**Problem statement**. With every picture left out, give the data below back exactly.

**Records for the task**.

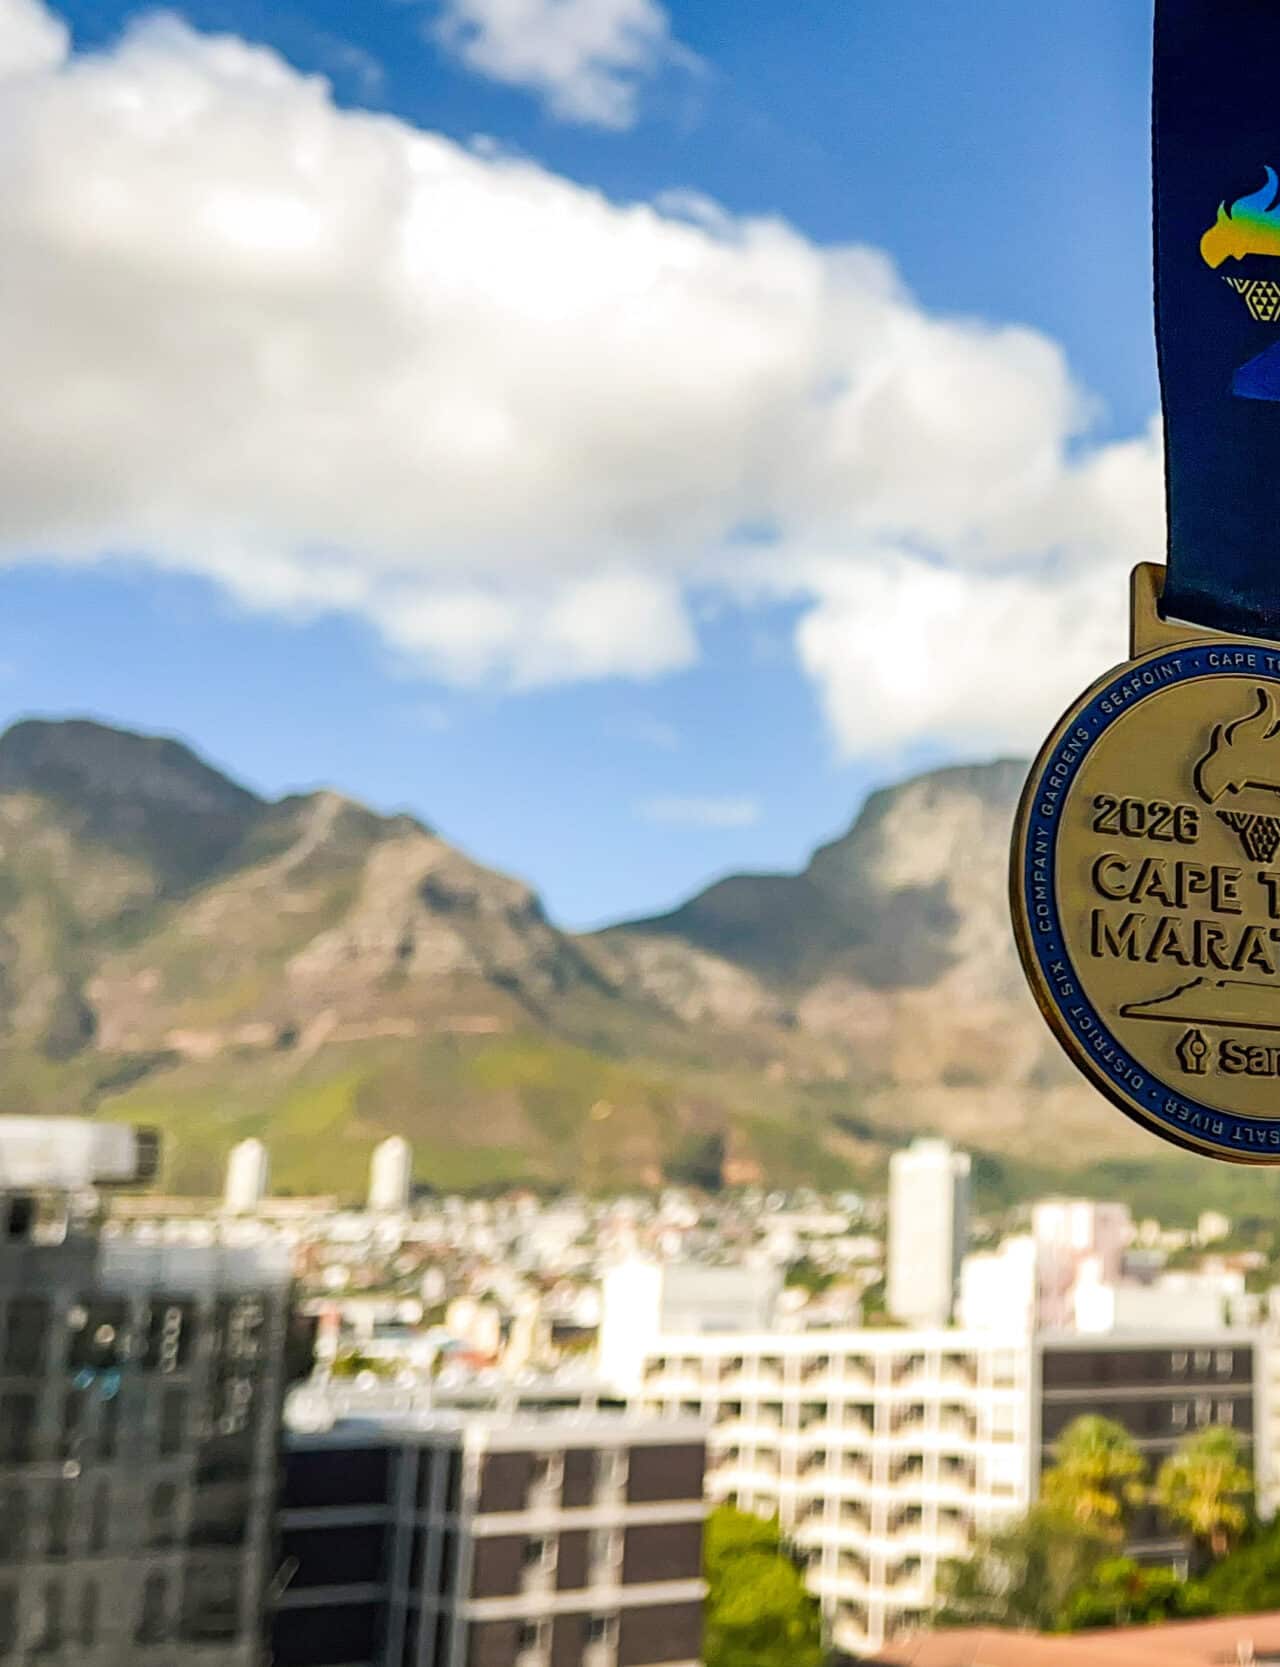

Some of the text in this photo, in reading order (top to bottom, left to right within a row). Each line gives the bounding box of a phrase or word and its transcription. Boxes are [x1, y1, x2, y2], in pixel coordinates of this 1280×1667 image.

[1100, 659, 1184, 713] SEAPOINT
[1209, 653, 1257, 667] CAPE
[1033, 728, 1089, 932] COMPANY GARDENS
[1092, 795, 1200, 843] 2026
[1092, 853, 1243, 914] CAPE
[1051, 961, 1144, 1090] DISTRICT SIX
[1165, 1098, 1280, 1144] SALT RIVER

**Solution for this problem**.
Some of the text in this photo, in reading order (top to bottom, left to right within a row). Each line gives the bounding box of a phrase or word and its transcription. Boxes are [x1, y1, x2, y2], in pixel coordinates of this 1280×1667 image.

[1100, 659, 1184, 713] SEAPOINT
[1209, 653, 1257, 667] CAPE
[1033, 728, 1089, 932] COMPANY GARDENS
[1092, 795, 1200, 843] 2026
[1092, 853, 1243, 914] CAPE
[1051, 961, 1144, 1090] DISTRICT SIX
[1165, 1098, 1280, 1144] SALT RIVER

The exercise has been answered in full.